As evidências merecem um enquadramento honesto. Na revisão de Dunlosky e colegas sobre dez técnicas de estudo, destacar e sublinhar receberam a classificação mais baixa, baixa utilidade: quando os estudantes apenas marcam o texto e releem as marcas, aprendem pouco mais do que com a leitura simples, e marcar pode até prejudicar o desempenho em questões de inferência. Os benefícios apareceram principalmente quando a marcação era seletiva, porque decidir o que importa é onde acontece o trabalho cognitivo.
O alcance da classificação é mais estreito do que a manchete. Os estudos subjacentes testaram o destaque como uma atividade isolada, de uma única passada, seguida de releitura. Eles não testaram o destaque como a etapa de captura de um sistema maior, em que os trechos marcados viram estímulos para a prática de recuperação, matéria-prima para notas com as próprias palavras ou itens de uma fila de revisão espaçada. Esse fluxo permanece, em grande parte, não testado, e não refutado.
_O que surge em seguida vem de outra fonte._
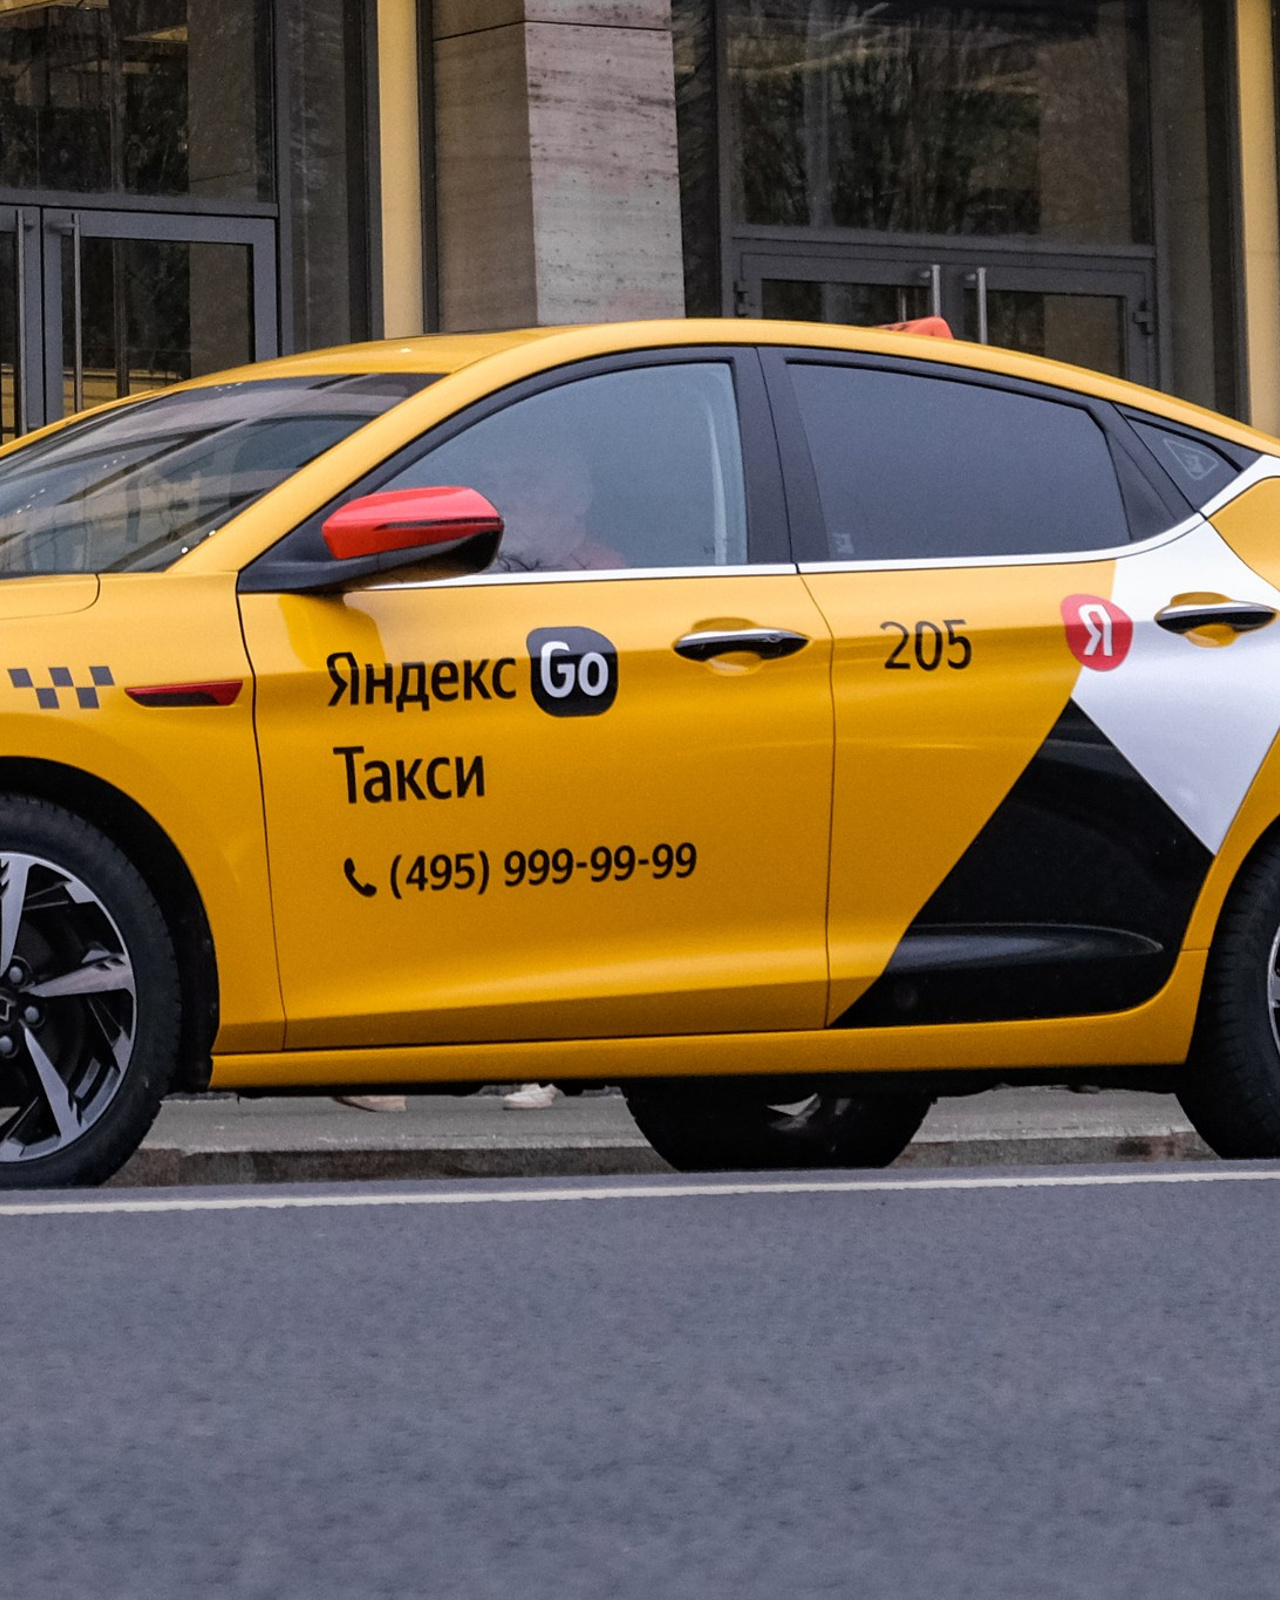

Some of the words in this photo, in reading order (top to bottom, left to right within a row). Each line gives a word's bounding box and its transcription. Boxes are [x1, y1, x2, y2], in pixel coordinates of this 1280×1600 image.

A orientação prática decorre diretamente disso: destaque com parcimônia, pois marcar parágrafos inteiros pula o julgamento de seleção que fornece o benefício, e trate cada destaque como a promessa de uma segunda ação. Um destaque que depois vira um estímulo de recordação, uma anotação ou parte de um resumo cumpriu seu papel; um destaque que só é relido, não.